Saved data entries
..............................

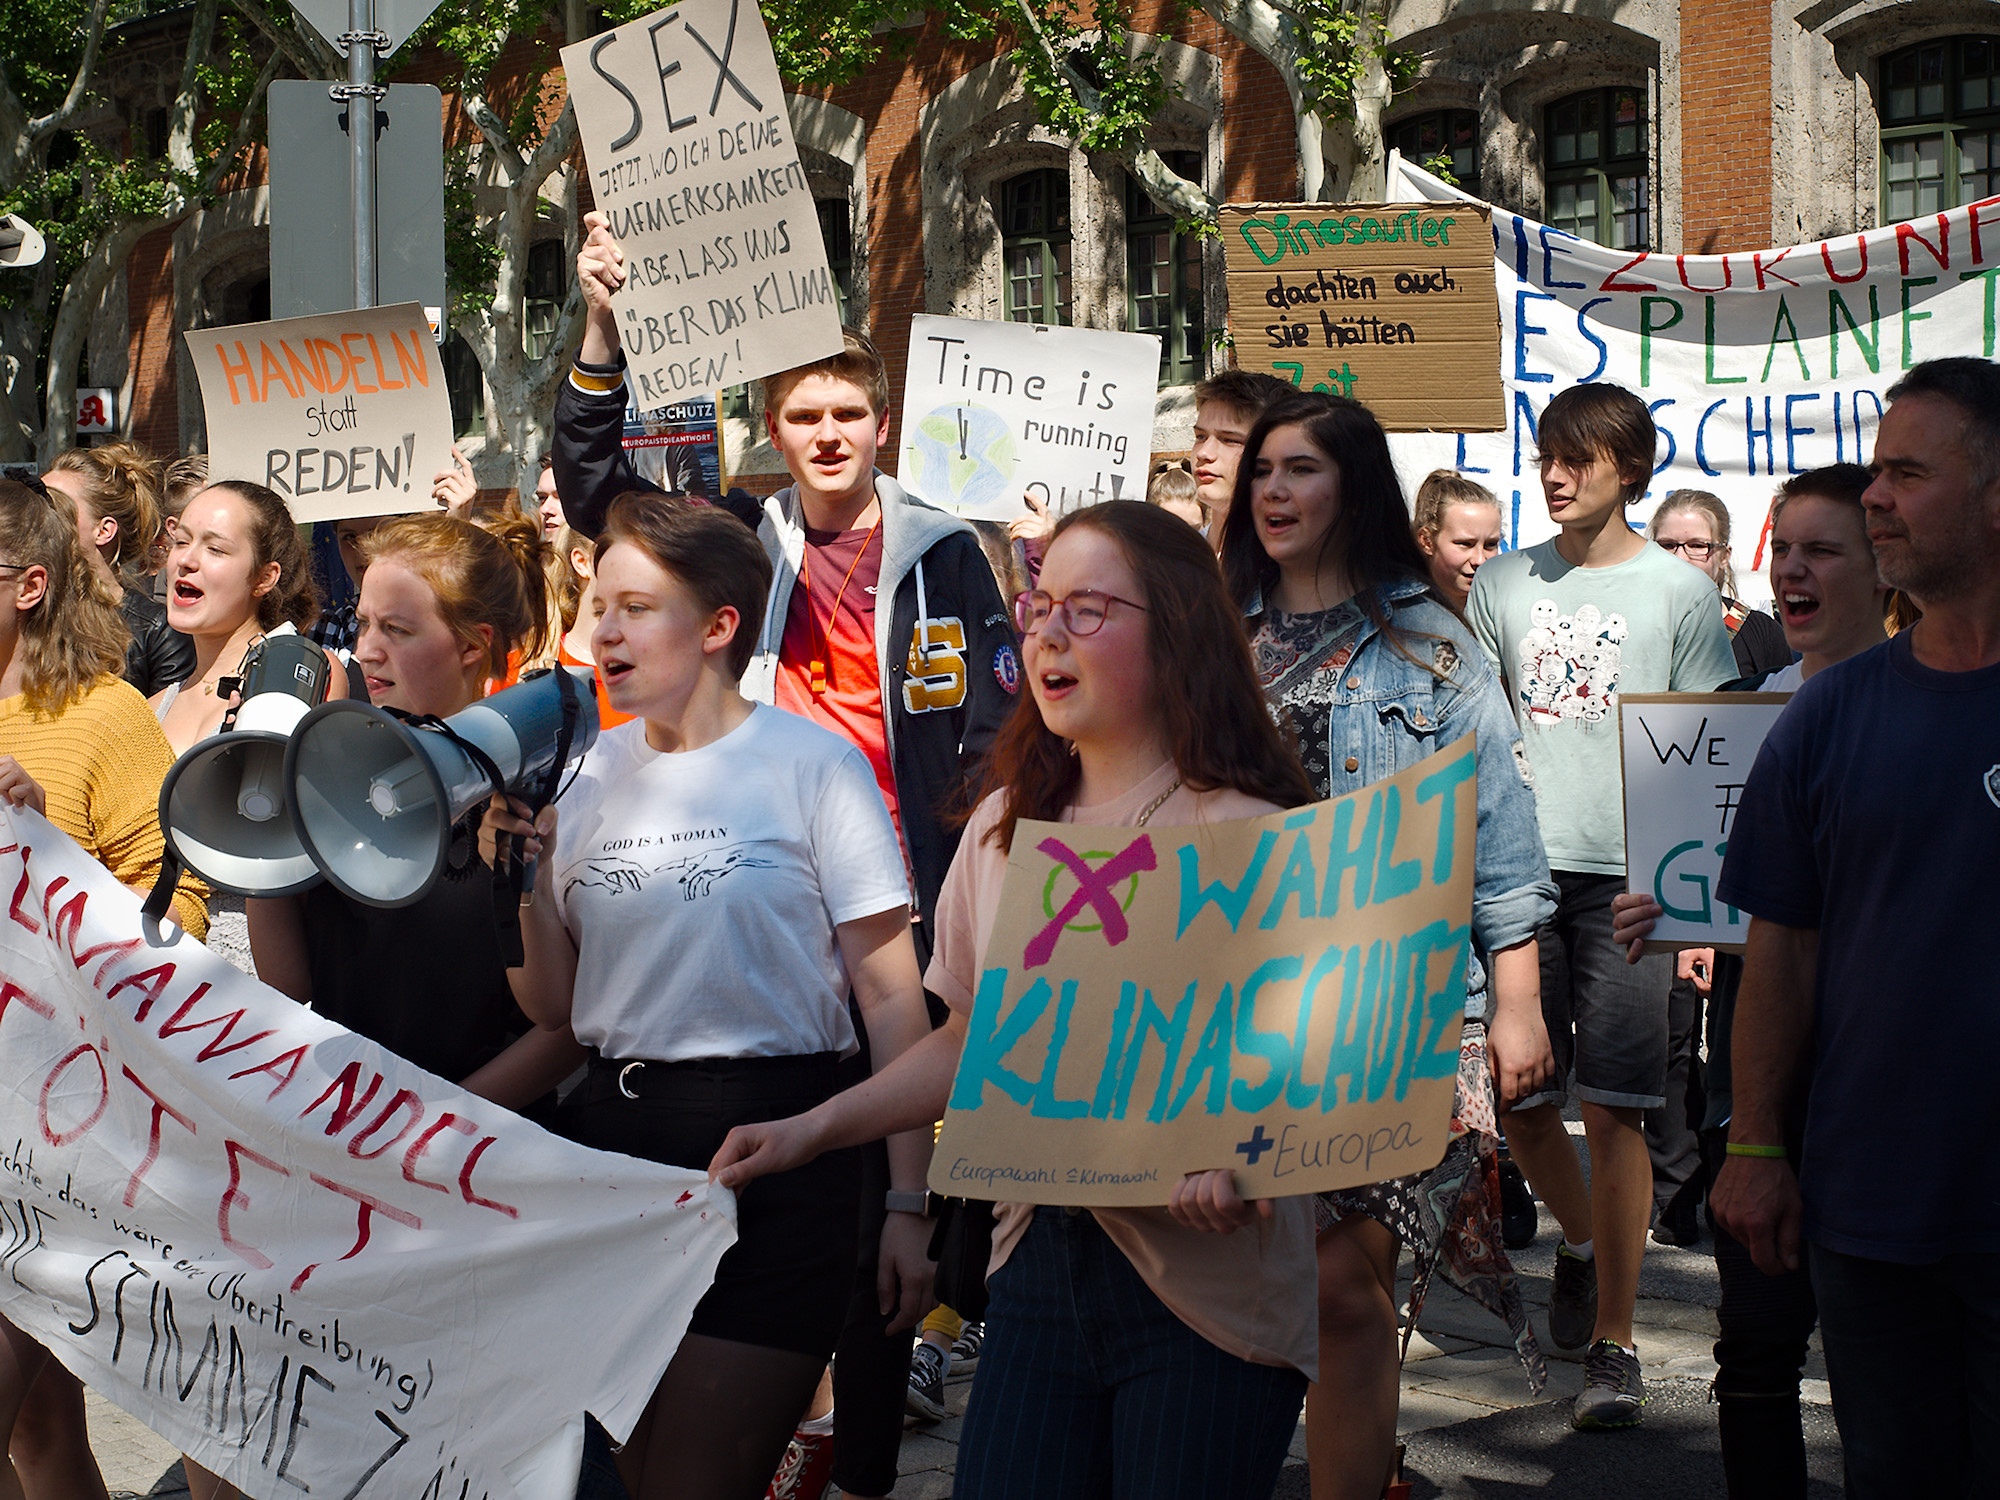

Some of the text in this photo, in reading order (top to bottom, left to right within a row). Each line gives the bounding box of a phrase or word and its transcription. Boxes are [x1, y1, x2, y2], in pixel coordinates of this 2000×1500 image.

[590, 0, 763, 153] SEX
[599, 115, 783, 197] JETZT, WO ICH DEINE
[628, 219, 791, 293] ABE, LASS UNS
[1239, 210, 1456, 265] Dinosaurier
[1493, 215, 1586, 290] IE
[625, 266, 834, 356] ÜBER DAS KLIMA
[1265, 268, 1377, 310] dachten
[1265, 309, 1416, 348] sie hätten
[1501, 290, 1612, 384] ES
[215, 328, 429, 405] HANDELN
[639, 338, 743, 401] REDEN!
[927, 336, 1117, 411] Time is
[306, 395, 357, 437] statt
[623, 404, 713, 423] LIMASCHUTZ
[1023, 419, 1128, 465] running
[266, 432, 415, 496] REDEN!
[1638, 716, 1730, 766] WE
[602, 827, 728, 853] GOD IS A WOMAN
[1175, 749, 1476, 942] WÄHLT
[0, 843, 519, 1220] LIMAWANDEL
[948, 919, 1473, 1124] KLIMASCHUTZ
[950, 1158, 1057, 1187] Europawahl
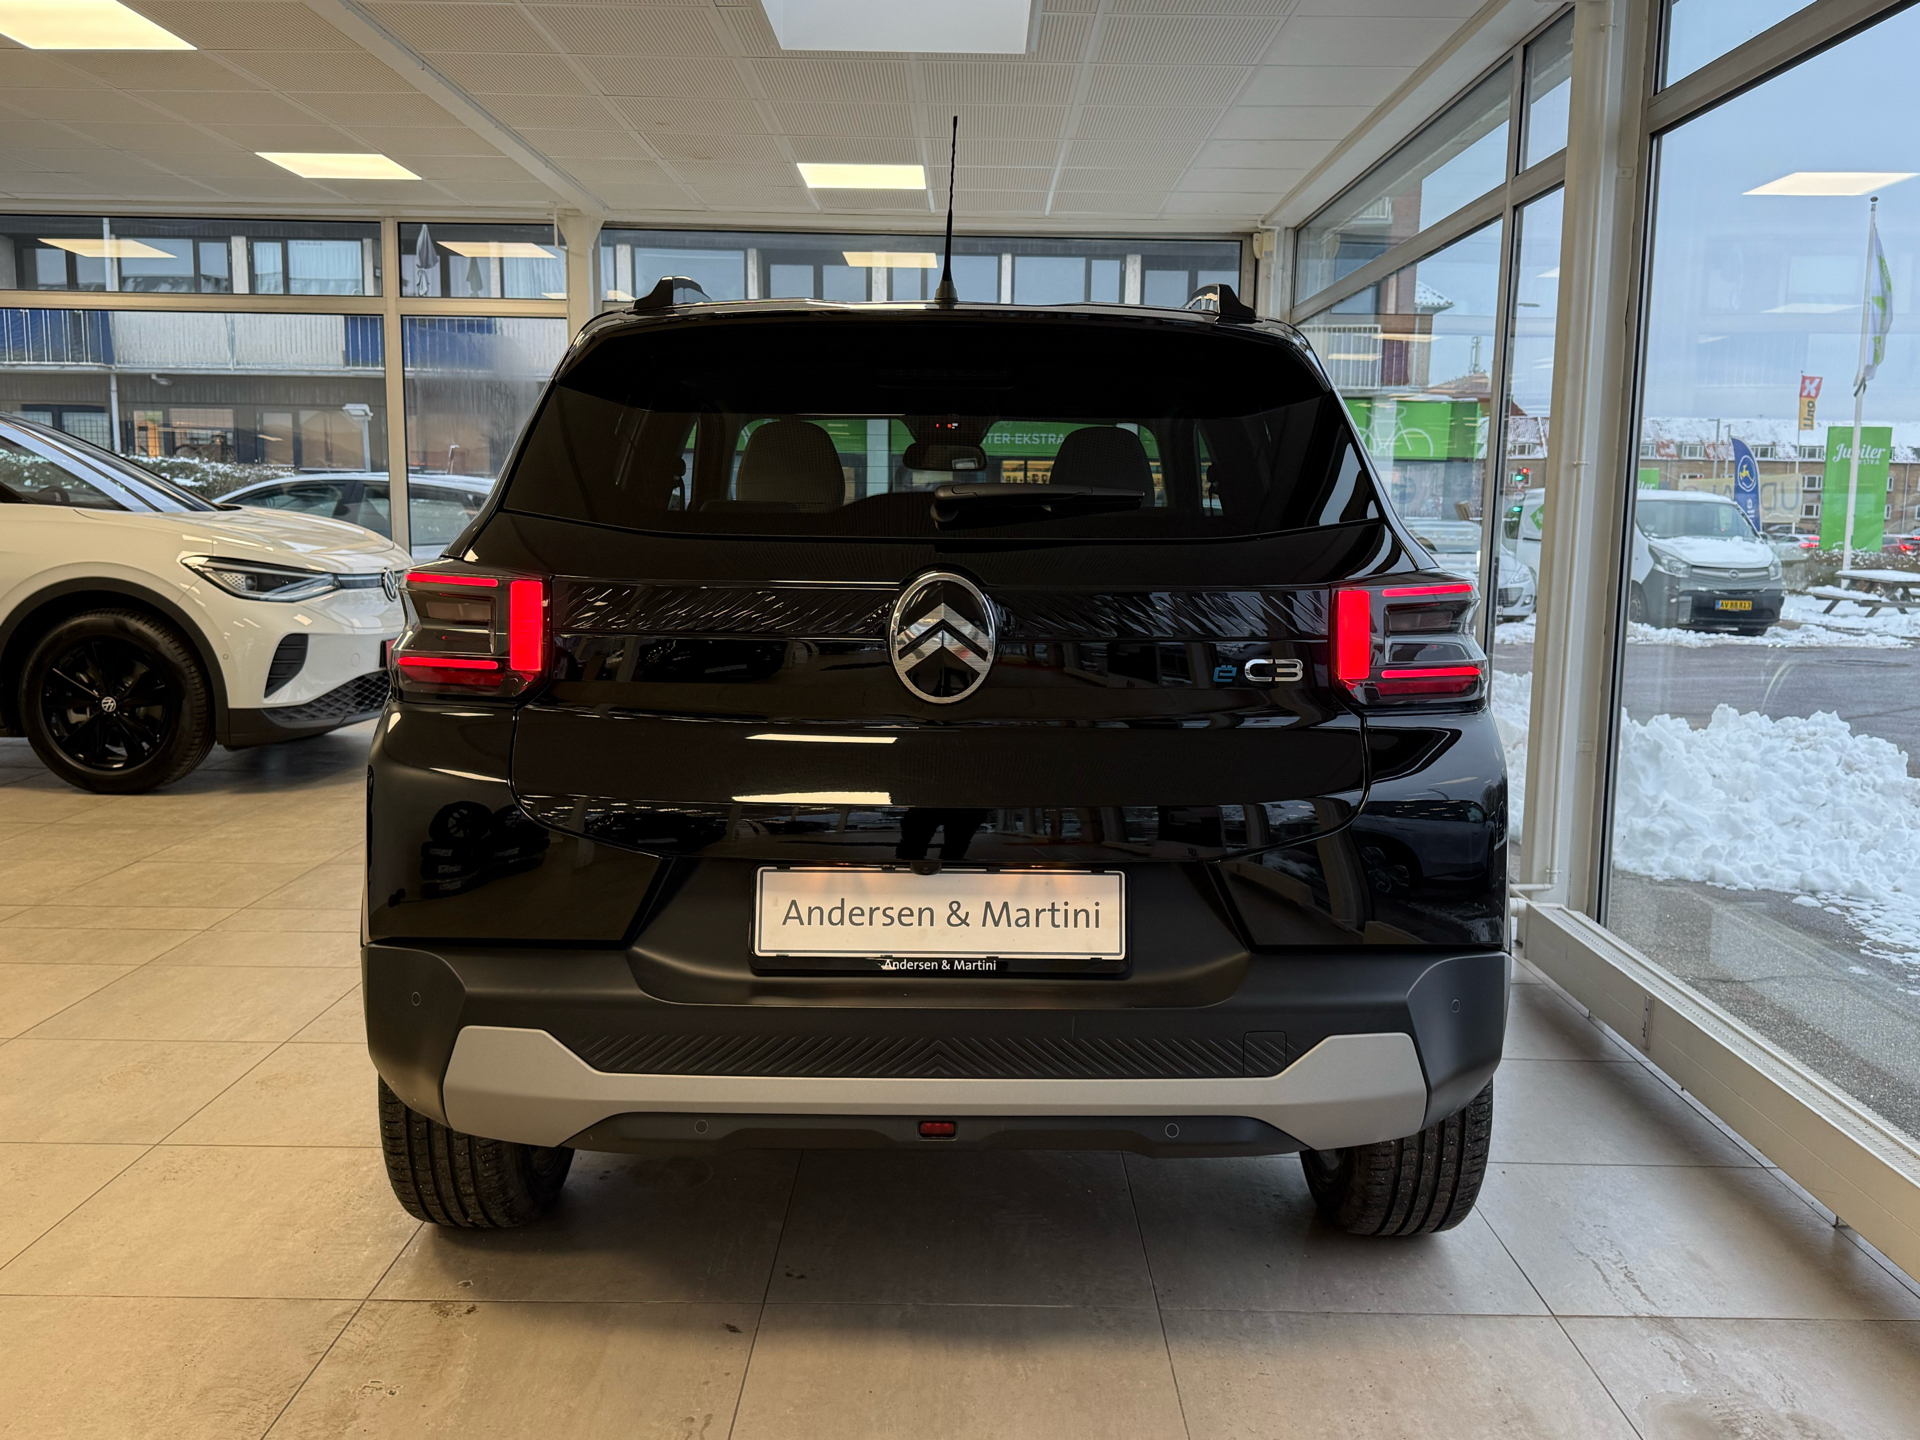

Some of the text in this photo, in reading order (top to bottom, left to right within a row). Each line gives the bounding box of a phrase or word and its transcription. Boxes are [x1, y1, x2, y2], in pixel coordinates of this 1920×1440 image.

[1832, 443, 1886, 463] Juiter
[1244, 659, 1304, 682] C3
[782, 898, 1101, 929] Andersen & Martini
[884, 959, 997, 971] Andersen & Martini
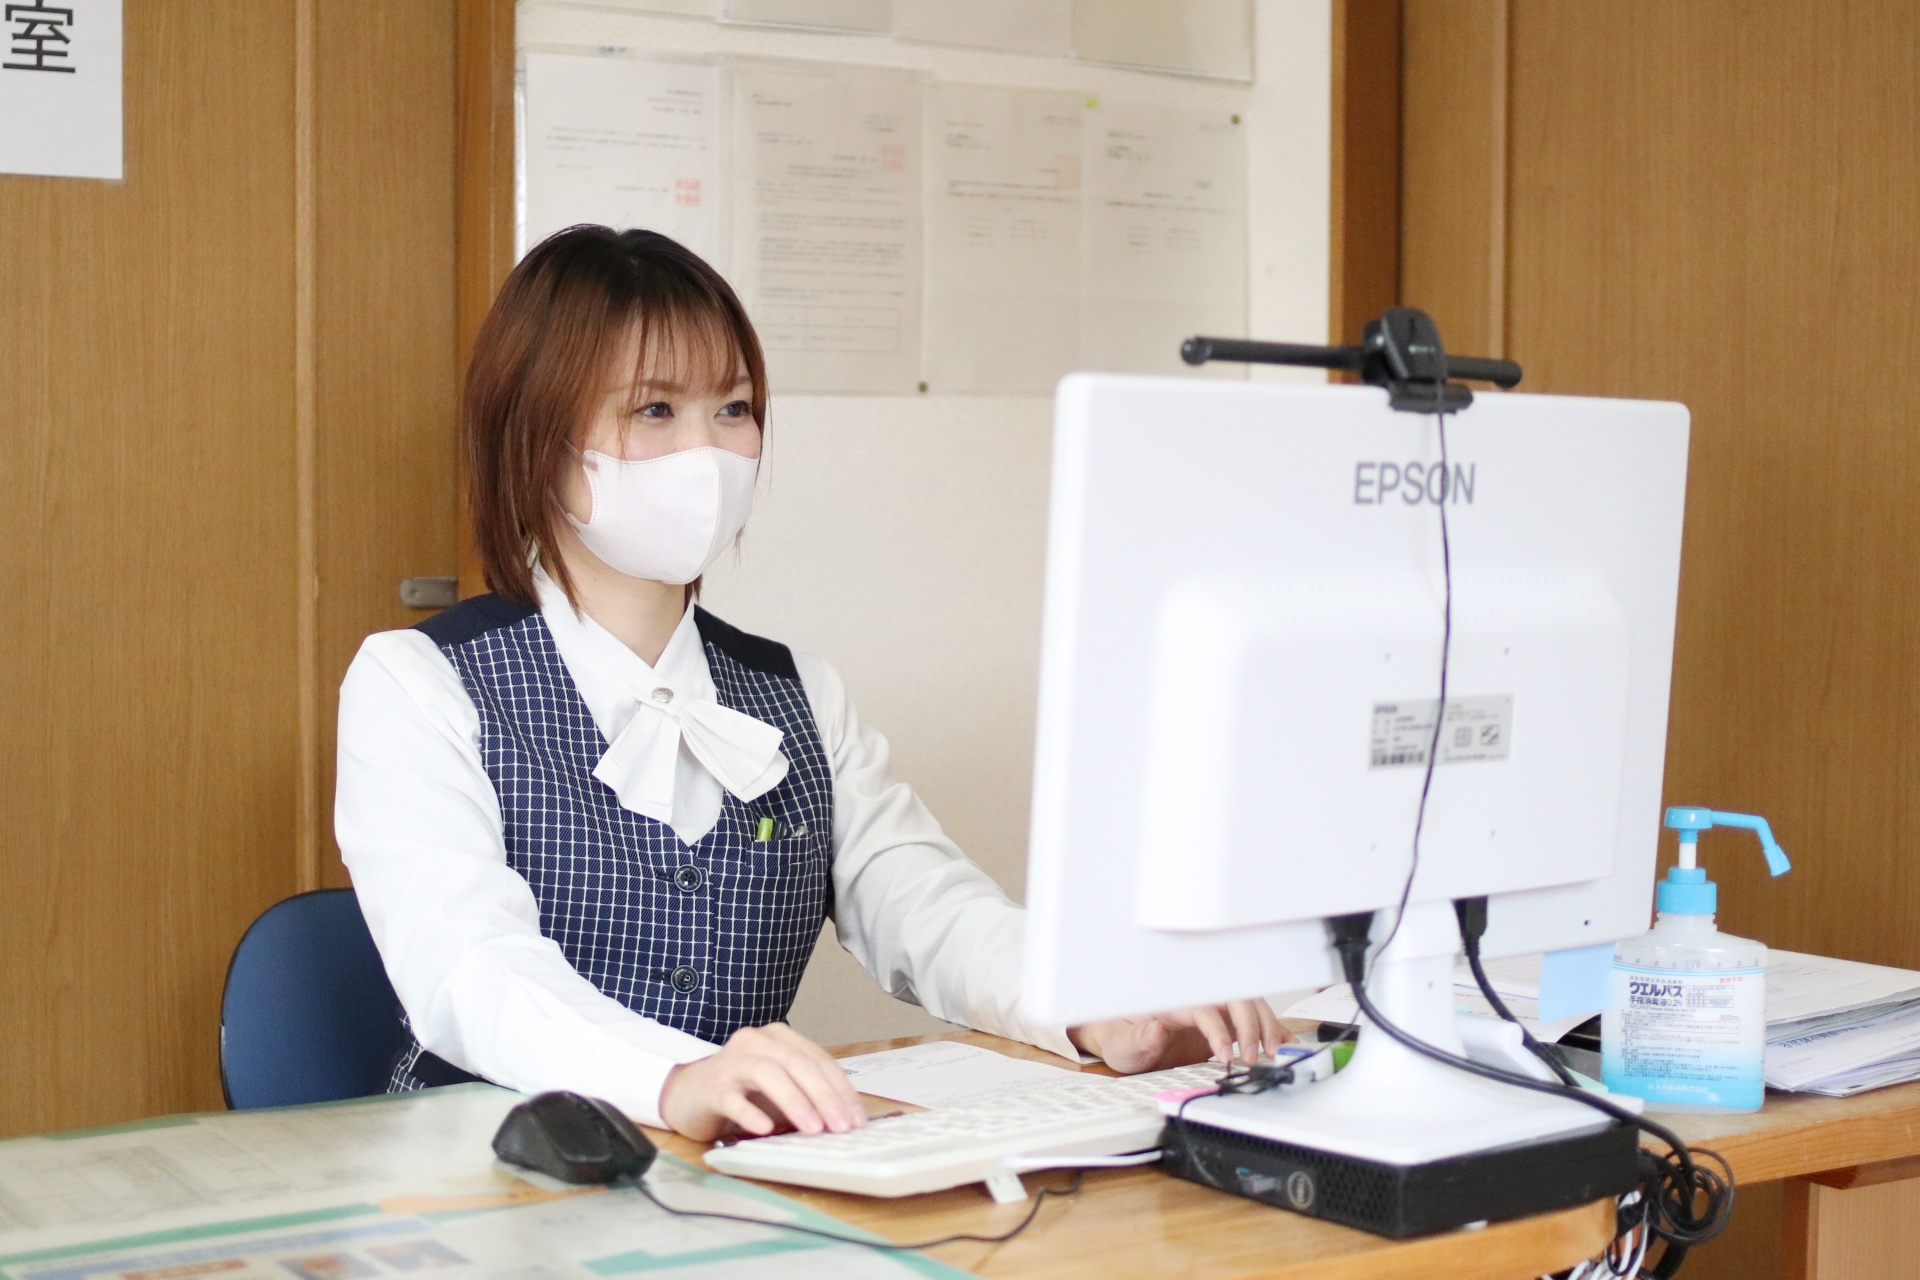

..............................

Exercise instructions:
Without including any pictures, return every line of the records exactly.

Completed task:
Some of the text in this photo, in reading order (top to bottom, left to right within a row). Each line gives the bounding box of a phrase or word and its transcription. Boxes are [x1, y1, x2, y2], in pixel coordinates of this 2000×1500 image.

[590, 0, 763, 153] SEX
[599, 115, 783, 197] JETZT, WO ICH DEINE
[628, 219, 791, 293] ABE, LASS UNS
[1239, 210, 1456, 265] Dinosaurier
[1493, 215, 1586, 290] IE
[625, 266, 834, 356] ÜBER DAS KLIMA
[1265, 268, 1377, 310] dachten
[1265, 309, 1416, 348] sie hätten
[1501, 290, 1612, 384] ES
[215, 328, 429, 405] HANDELN
[639, 338, 743, 401] REDEN!
[927, 336, 1117, 411] Time is
[306, 395, 357, 437] statt
[623, 404, 713, 423] LIMASCHUTZ
[1023, 419, 1128, 465] running
[266, 432, 415, 496] REDEN!
[1638, 716, 1730, 766] WE
[602, 827, 728, 853] GOD IS A WOMAN
[1175, 749, 1476, 942] WÄHLT
[0, 843, 519, 1220] LIMAWANDEL
[948, 919, 1473, 1124] KLIMASCHUTZ
[950, 1158, 1057, 1187] Europawahl

Some of the text in this photo, in reading order (top to bottom, left to right within a row). Each line gives the bounding box of a phrase or word and its transcription. Boxes are [x1, y1, x2, y2], in pixel coordinates of this 1920×1440 image.

[1832, 443, 1886, 463] Juiter
[1244, 659, 1304, 682] C3
[782, 898, 1101, 929] Andersen & Martini
[884, 959, 997, 971] Andersen & Martini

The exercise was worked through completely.